I am new to bioinformatics. so this may be silly question.

We would like to do Pharmacogenomics clinical decision support. Instead of using genotyping, we want to use whole genome sequencing. I am assuming we will send 8 patient samples for analysis. (ideally we wound sent just one, but the pricing is such that we have to send a batch). There are lots of format and it is hard to know where to start, what we will have to do in-house and what can we get our of the box (going only to sequencing vendor, not interpretation vendor)

My questions are:

1. in what format we can expect to get the raw data? (would that be fastaq or BAM/SAM)

2. does one get right away a *.vcf file from a vendor or we will have to process it ourselves? (against which reference genome it would be done - would that be Homo sapiens GRCh37 Primary Assembly?

The short answer would be:

• for an Illumina sequencing, you should end up with a .fastq file containing the read sequences and their qualities.
• you might get a BAM/SAM file if you ask (and pay) your sequence provider to map these reads to a reference genome.
• .vcf files are SNP variant files generated by GATK. This step might also be done by your sequencing provider if you ask/pay for it.

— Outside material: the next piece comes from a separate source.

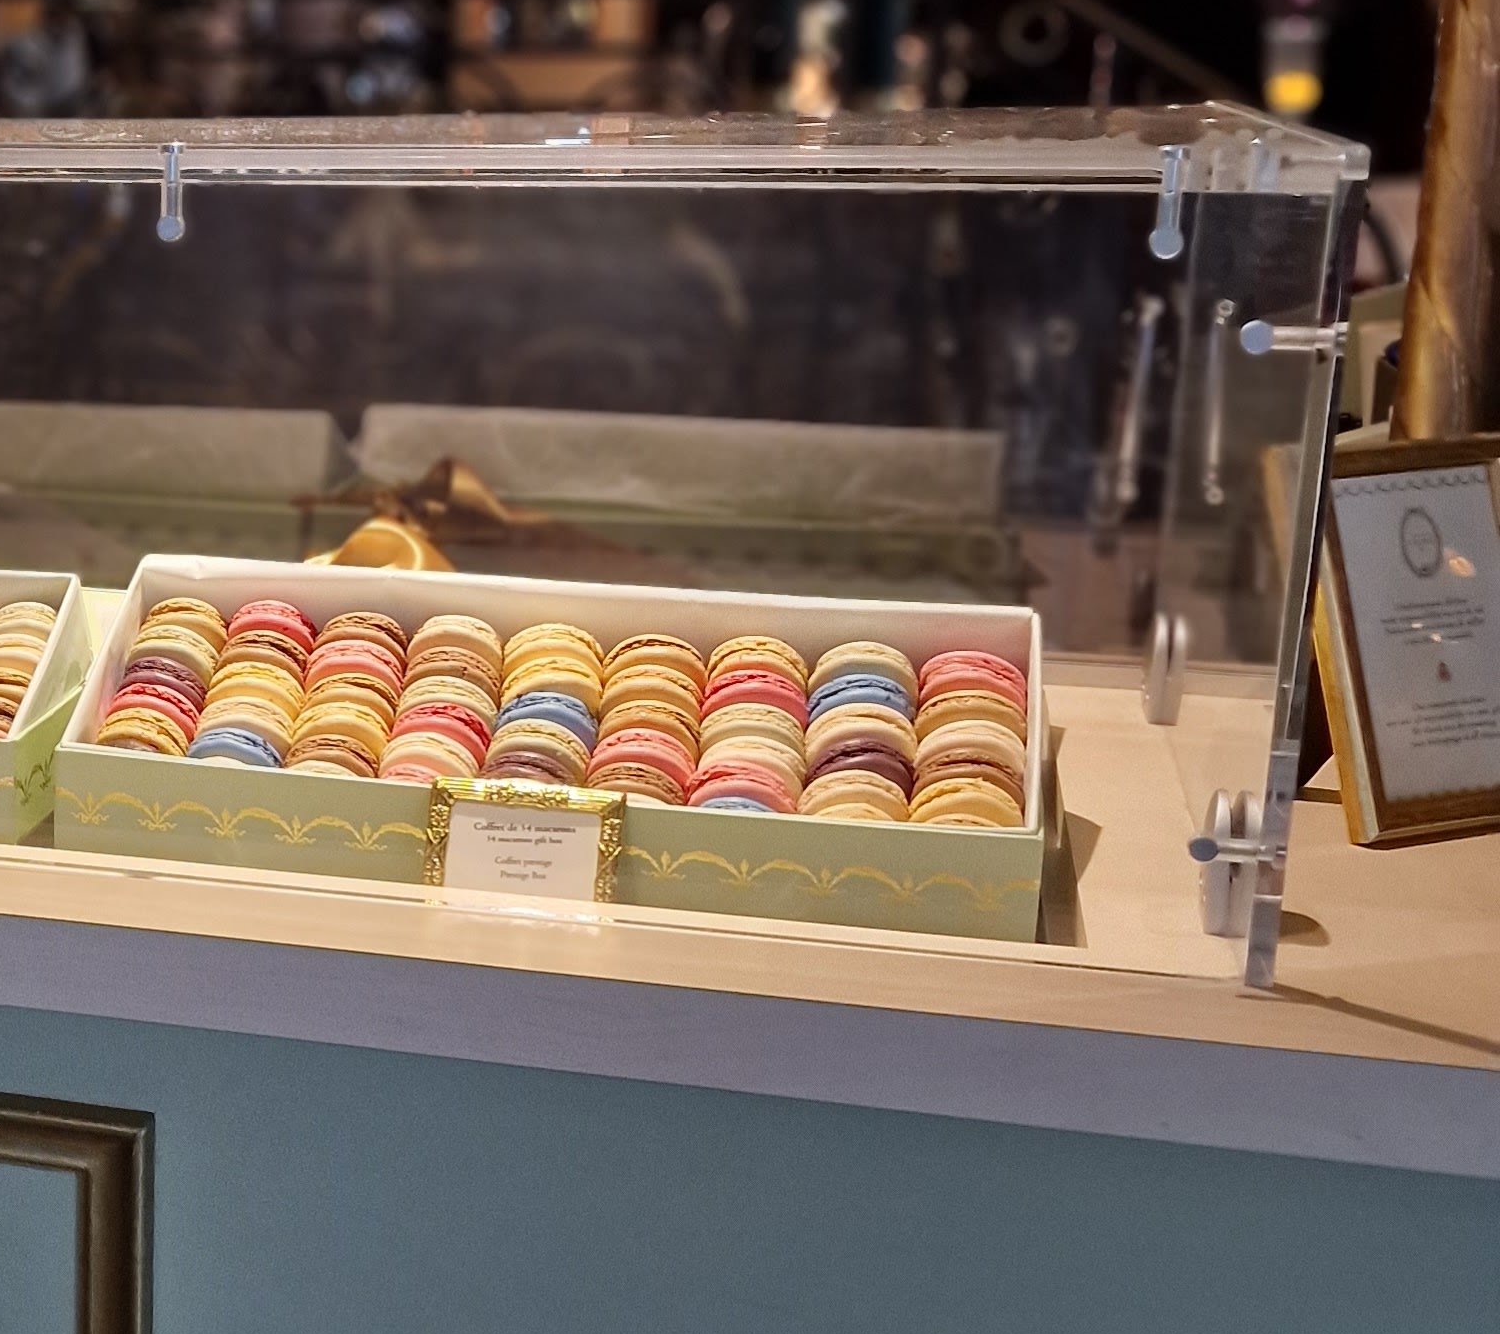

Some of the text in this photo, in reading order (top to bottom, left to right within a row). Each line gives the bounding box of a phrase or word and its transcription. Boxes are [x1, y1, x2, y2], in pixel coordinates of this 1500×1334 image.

[473, 821, 505, 833] Coffret
[507, 822, 518, 833] de
[494, 856, 522, 866] Coffret

This being said, I believe a good sequencing provider should neither be selling you solely the output of a sequencing machine, nor the output of a mysterious processing pipeline. If this is the case, you should seek a more professional sequencing provider. He should for instance help you in the following steps:

• building your experimental plan (do you need 1 patient sample, or 8 patient samples?). Once you will get the data, how will you process this information?
• determine the analyses that need to be done on your data so that it is then interpretable given your level of expertise (by this I mean, not give you the raw data if you have no idea/experience on what should be done next).
• should these analyses be done by them, or can they be done by you or by another company?

All of this will help you make the most of the money/time/energy you will be spending on this genotyping projet.

It depends on the vendors. Illumina gives you a BAM aligned by Eland2 and variant calls by CASAVA. You do not get raw reads in fastq. I forget the format of variants. They did not use the reference genome we prefer, so in the end we have to convert BAM to fastq and redo the alignment by ourselves (we would much prefer fastq for this reason). If I am right, alignment and variant calling do not add extra cost in additional to sequencing.

BGI gives you alignment using an aligner and a reference genome on your request - at least they can run bwa and/or soap2 for you. They did not give me variant calls, but I guess you can request. BGI did not ask us to pay more for the alignment at that time (things may be changed, you know). I do not know if variant calling adds cost.

Yes, sending samples in batch helps to reduce the price.